Giorno 3 – Il Glen Coe -che non é il Glen Grant- e il treno di HarryPotter

Dopo l’ostello -fetente- di Edimburgo, devo dire che la notte nel primo B&B del viaggio mi ha rigenerata.

L’ospitalitá é stata perfetta, la camera molto bella e con tutte le attenzioni che l’etichetta reale prevede (biscotti scozzesi al burro, tazza e bollitore per il thé, duemila cuscini di piuma d’oca -sono allergica alle piume d’oca- e l’immancabile moquette), la colazione…eccola: no, non sono patate, sono funghi fritti!
La nostra padrona di casa ci ha salutati dicendo: “Siete fortunati, il tempo sará bello oggi”. Dopo tre chilometri stava giá piovendo.
Questo, però, non ci ha impedito di lasciare l’auto sulla sponda del Loch Awe e fare un miglio a piedi per raggiungere le rovine del castello di Kilchurn.
Abbiamo dovuto mandare via un paio di pecoroni che non avevano nessuna voglia di levarsi dall’ingresso; qui hanno il muso nero e ti guardano con aria rassegnata, se ne stanno lì a mangiare erba: pioggia, sole, vento, nulla le smuove, ciò che importa é…brucare!
Il vento freddo preso durante il ritorno verso l’auto ha asciugato i vestiti bagnati all’andata (se domani non scriverò sarà perché avrò la febbre -_-).
Per fortuna, la pioggia é durata poco e ci ha permesso di arrivare nel Glen Coe con una luce meravigliosa, il sole filtrava dai nuvoloni e qua e lá si intravedevano degli squarci di azzurro.
Glen Coe passa per la valle più spettacolare di Scozia: dopo esserci passati, abbiamo capito perché.

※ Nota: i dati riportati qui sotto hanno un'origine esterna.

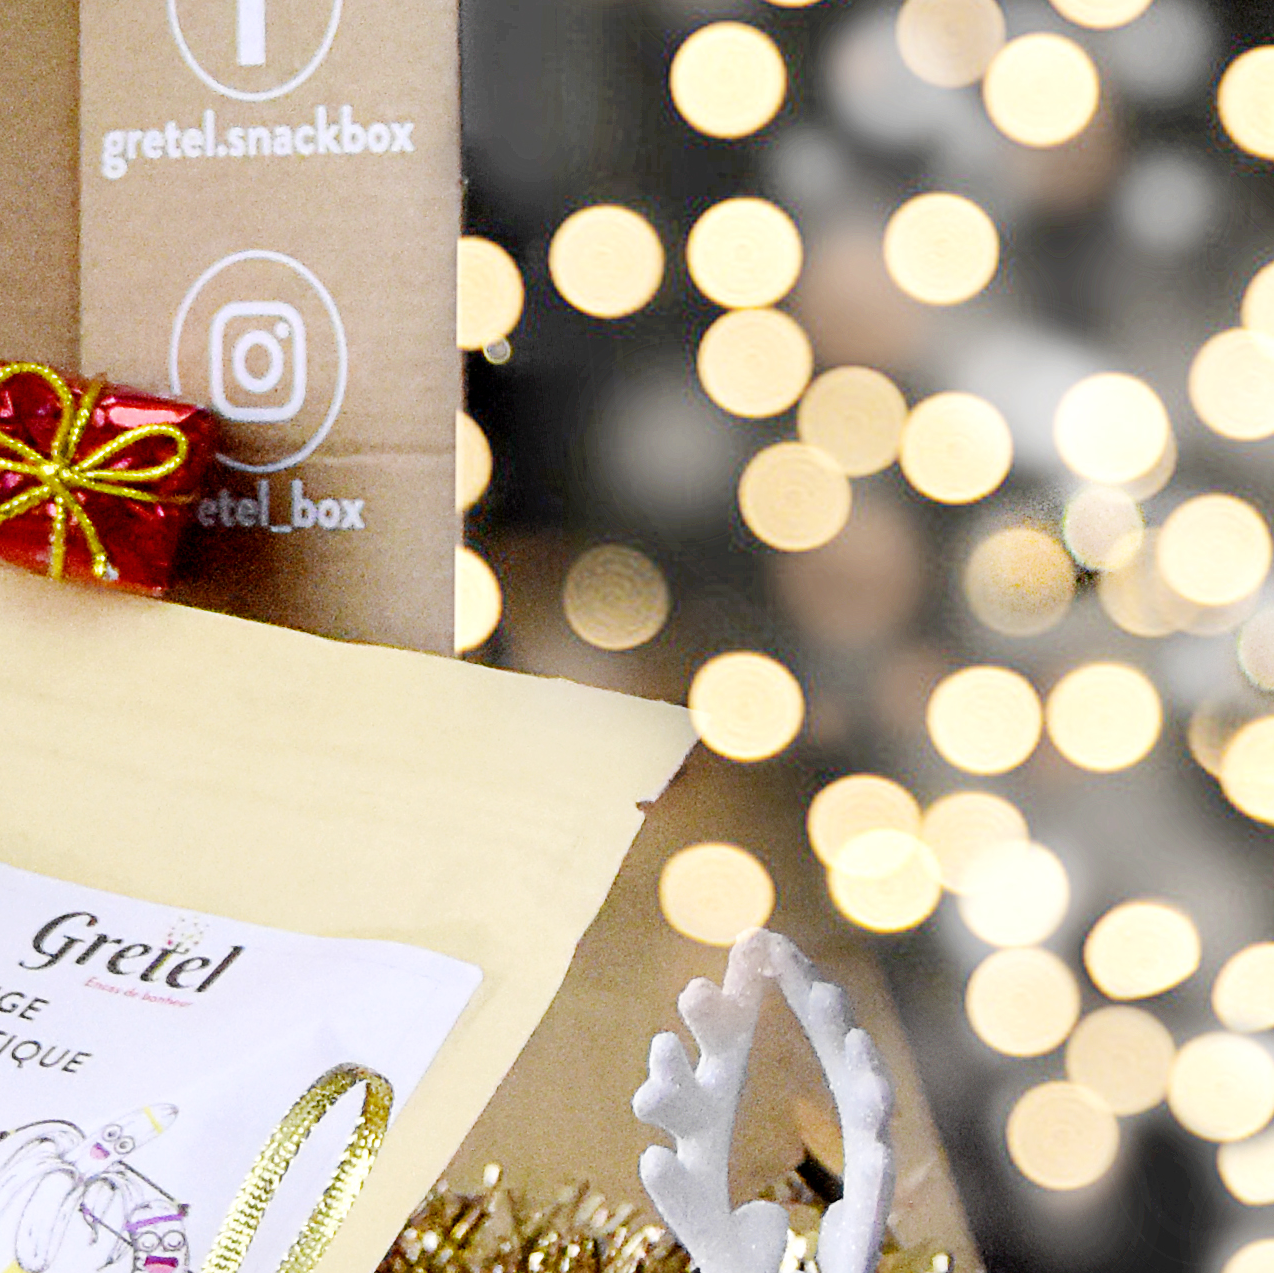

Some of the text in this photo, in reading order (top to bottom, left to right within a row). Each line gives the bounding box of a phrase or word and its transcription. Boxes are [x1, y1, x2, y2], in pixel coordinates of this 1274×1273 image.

[100, 104, 416, 180] gretel.snackbox
[197, 478, 367, 534] etel_box
[17, 910, 246, 994] Gretel

L’abbiamo attraversata in auto, deviando ad un certo punto per infilarci in una valle laterale ancora più stretta e remota (non c’era nemmeno una pecora e la strada finisce in un lago!)
Faccio fatica a descrivere la sensazione di maestosità e rispetto che luoghi come questo trasmettono, quindi non lo faccio. Metto un paio di foto.
La ricerca di cibo vegetariano, come dicevo ieri, non é semplicissima: in base a ciò che avevo letto in rete e sulla Lonely Planet mi ero immaginata sarebbe stato più facile.
La colazione ci ha fatti arrivare all’ora di merenda; a quel punto eravamo a Forth Williams e, lungo la strada principale, c’erano bancarelle che vendevano del cibo, con somma gioia di Mr.D., grande appassionato di tutto ciò che viene servito in “scartoccelli fumanti”.
Anyway, alle bancarelle ho trovato una paella vegetariana (che non é proprio Scottish…) e patate arrosto, per cena ho preso una zuppa di verdure e tre contorni!
Il formaggio vale come contorno mentre l’insalata -servita con cipolle, peperoni ed insalata russa- e le verdure al vapore (una delle quali non ho capito cosa fosse) in effetti sono quasi un contorno 🙂

 

Ora suppongo faremo un giro al mare: siamo a Mallig, piccolo villaggio di fronte all’isola di Skye e punto di partenza dei traghetti…é lì che andremo domani!
P.s.: Lungo la strada che unisce Forth William a Mallig, all’altezza di Glenfinnan, si vede il viadotto sul quale sferraglia l’espresso per Hogwarts, il castello nel quale sono ambientate parte delle avventure di Harry Potter, il treno esiste davvero, é veramente a vapore e fa due corse al giorno.